[[ GIVEN INFORMATION open ]]
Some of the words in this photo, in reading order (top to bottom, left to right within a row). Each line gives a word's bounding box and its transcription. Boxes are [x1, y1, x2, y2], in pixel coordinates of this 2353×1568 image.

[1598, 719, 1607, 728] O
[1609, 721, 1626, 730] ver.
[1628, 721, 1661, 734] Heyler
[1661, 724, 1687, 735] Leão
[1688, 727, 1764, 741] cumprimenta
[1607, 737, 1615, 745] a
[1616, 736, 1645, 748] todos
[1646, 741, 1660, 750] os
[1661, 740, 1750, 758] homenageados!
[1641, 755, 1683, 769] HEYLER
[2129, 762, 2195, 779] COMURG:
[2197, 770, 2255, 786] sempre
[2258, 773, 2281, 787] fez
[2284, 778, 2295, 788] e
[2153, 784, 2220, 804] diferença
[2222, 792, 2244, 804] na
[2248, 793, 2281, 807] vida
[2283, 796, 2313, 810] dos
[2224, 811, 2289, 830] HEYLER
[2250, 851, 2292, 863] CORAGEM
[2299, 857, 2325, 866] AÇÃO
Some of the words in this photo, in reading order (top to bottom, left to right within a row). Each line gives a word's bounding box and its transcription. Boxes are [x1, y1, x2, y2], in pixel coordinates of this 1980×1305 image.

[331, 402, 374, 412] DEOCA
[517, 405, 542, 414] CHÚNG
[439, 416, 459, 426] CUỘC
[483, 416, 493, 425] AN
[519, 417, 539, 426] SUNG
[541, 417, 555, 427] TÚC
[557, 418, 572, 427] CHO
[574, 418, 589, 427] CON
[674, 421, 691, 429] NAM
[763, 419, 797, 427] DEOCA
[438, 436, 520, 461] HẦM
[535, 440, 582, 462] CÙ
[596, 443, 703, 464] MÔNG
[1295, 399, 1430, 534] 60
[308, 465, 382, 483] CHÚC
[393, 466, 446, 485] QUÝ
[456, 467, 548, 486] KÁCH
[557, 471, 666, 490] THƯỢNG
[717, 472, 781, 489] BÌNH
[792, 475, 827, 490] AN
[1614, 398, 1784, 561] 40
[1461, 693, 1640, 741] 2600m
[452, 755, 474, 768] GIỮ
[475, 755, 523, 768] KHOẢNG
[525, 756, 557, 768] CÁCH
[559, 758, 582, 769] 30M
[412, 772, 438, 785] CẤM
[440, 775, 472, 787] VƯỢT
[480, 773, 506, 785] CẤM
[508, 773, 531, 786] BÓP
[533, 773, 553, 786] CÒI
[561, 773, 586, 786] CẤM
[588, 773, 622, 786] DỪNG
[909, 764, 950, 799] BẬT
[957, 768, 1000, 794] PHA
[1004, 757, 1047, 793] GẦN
[[ GIVEN INFORMATION closed ]]
=== WHAT TO WORK ON ===
Repeat the records. Match them exactly.

=== ANSWER BOX ===
Some of the words in this photo, in reading order (top to bottom, left to right within a row). Each line gives a word's bounding box and its transcription. Boxes are [x1, y1, x2, y2], in pixel coordinates of this 2353×1568 image.

[1598, 719, 1607, 728] O
[1609, 721, 1626, 730] ver.
[1628, 721, 1661, 734] Heyler
[1661, 724, 1687, 735] Leão
[1688, 727, 1764, 741] cumprimenta
[1607, 737, 1615, 745] a
[1616, 736, 1645, 748] todos
[1646, 741, 1660, 750] os
[1661, 740, 1750, 758] homenageados!
[1641, 755, 1683, 769] HEYLER
[2129, 762, 2195, 779] COMURG:
[2197, 770, 2255, 786] sempre
[2258, 773, 2281, 787] fez
[2284, 778, 2295, 788] e
[2153, 784, 2220, 804] diferença
[2222, 792, 2244, 804] na
[2248, 793, 2281, 807] vida
[2283, 796, 2313, 810] dos
[2224, 811, 2289, 830] HEYLER
[2250, 851, 2292, 863] CORAGEM
[2299, 857, 2325, 866] AÇÃO
Some of the words in this photo, in reading order (top to bottom, left to right within a row). Each line gives a word's bounding box and its transcription. Boxes are [x1, y1, x2, y2], in pixel coordinates of this 1980×1305 image.

[331, 402, 374, 412] DEOCA
[517, 405, 542, 414] CHÚNG
[439, 416, 459, 426] CUỘC
[483, 416, 493, 425] AN
[519, 417, 539, 426] SUNG
[541, 417, 555, 427] TÚC
[557, 418, 572, 427] CHO
[574, 418, 589, 427] CON
[674, 421, 691, 429] NAM
[763, 419, 797, 427] DEOCA
[438, 436, 520, 461] HẦM
[535, 440, 582, 462] CÙ
[596, 443, 703, 464] MÔNG
[1295, 399, 1430, 534] 60
[308, 465, 382, 483] CHÚC
[393, 466, 446, 485] QUÝ
[456, 467, 548, 486] KÁCH
[557, 471, 666, 490] THƯỢNG
[717, 472, 781, 489] BÌNH
[792, 475, 827, 490] AN
[1614, 398, 1784, 561] 40
[1461, 693, 1640, 741] 2600m
[452, 755, 474, 768] GIỮ
[475, 755, 523, 768] KHOẢNG
[525, 756, 557, 768] CÁCH
[559, 758, 582, 769] 30M
[412, 772, 438, 785] CẤM
[440, 775, 472, 787] VƯỢT
[480, 773, 506, 785] CẤM
[508, 773, 531, 786] BÓP
[533, 773, 553, 786] CÒI
[561, 773, 586, 786] CẤM
[588, 773, 622, 786] DỪNG
[909, 764, 950, 799] BẬT
[957, 768, 1000, 794] PHA
[1004, 757, 1047, 793] GẦN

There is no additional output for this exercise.